## INPUT DATA
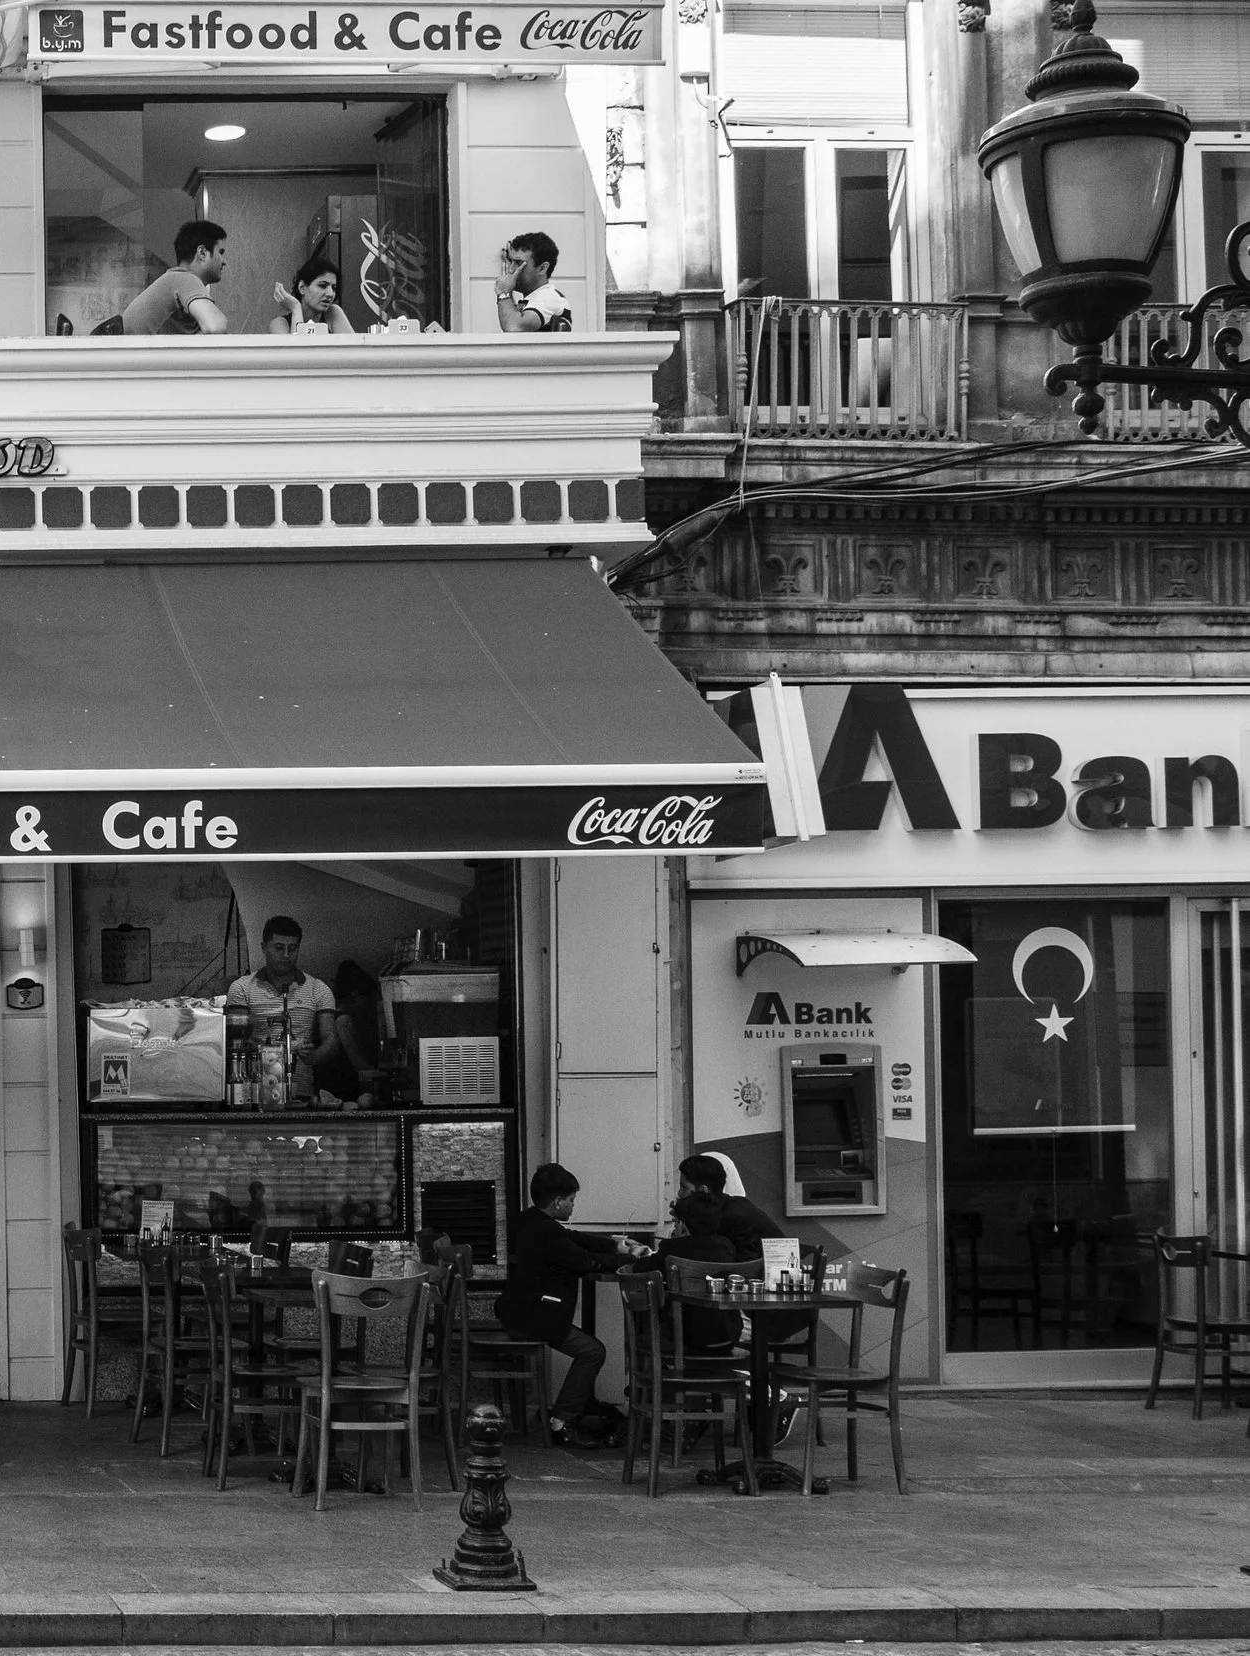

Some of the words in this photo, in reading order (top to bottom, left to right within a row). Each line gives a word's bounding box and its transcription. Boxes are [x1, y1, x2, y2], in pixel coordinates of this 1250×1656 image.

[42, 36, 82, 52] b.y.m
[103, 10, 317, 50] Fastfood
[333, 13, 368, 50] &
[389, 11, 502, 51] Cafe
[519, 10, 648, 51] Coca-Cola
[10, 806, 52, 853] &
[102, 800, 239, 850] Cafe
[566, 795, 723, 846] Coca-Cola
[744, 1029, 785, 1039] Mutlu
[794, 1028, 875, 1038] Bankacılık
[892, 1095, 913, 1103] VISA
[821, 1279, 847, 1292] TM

* * *

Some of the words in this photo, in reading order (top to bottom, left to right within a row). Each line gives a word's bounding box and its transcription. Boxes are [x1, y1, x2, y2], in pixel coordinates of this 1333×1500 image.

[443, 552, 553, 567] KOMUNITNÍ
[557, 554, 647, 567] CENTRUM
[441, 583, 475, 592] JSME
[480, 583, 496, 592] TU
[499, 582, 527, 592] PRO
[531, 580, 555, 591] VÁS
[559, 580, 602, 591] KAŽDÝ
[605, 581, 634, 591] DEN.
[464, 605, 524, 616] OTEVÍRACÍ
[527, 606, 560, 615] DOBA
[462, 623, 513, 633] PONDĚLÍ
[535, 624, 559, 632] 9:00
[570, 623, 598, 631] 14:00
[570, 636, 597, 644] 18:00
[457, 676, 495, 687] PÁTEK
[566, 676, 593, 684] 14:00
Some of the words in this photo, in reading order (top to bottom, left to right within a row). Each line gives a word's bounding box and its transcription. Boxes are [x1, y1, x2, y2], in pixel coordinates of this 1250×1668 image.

## AIM OF THE TASK
What is needed is a verbatim copy of every line in the records above from the one containing "this 1333×1500 image." down to the one containing "this 1250×1668 image.", both included, and nothing more.

## EXERCISE RESPONSE
Some of the words in this photo, in reading order (top to bottom, left to right within a row). Each line gives a word's bounding box and its transcription. Boxes are [x1, y1, x2, y2], in pixel coordinates of this 1333×1500 image.

[443, 552, 553, 567] KOMUNITNÍ
[557, 554, 647, 567] CENTRUM
[441, 583, 475, 592] JSME
[480, 583, 496, 592] TU
[499, 582, 527, 592] PRO
[531, 580, 555, 591] VÁS
[559, 580, 602, 591] KAŽDÝ
[605, 581, 634, 591] DEN.
[464, 605, 524, 616] OTEVÍRACÍ
[527, 606, 560, 615] DOBA
[462, 623, 513, 633] PONDĚLÍ
[535, 624, 559, 632] 9:00
[570, 623, 598, 631] 14:00
[570, 636, 597, 644] 18:00
[457, 676, 495, 687] PÁTEK
[566, 676, 593, 684] 14:00
Some of the words in this photo, in reading order (top to bottom, left to right within a row). Each line gives a word's bounding box and its transcription. Boxes are [x1, y1, x2, y2], in pixel coordinates of this 1250×1668 image.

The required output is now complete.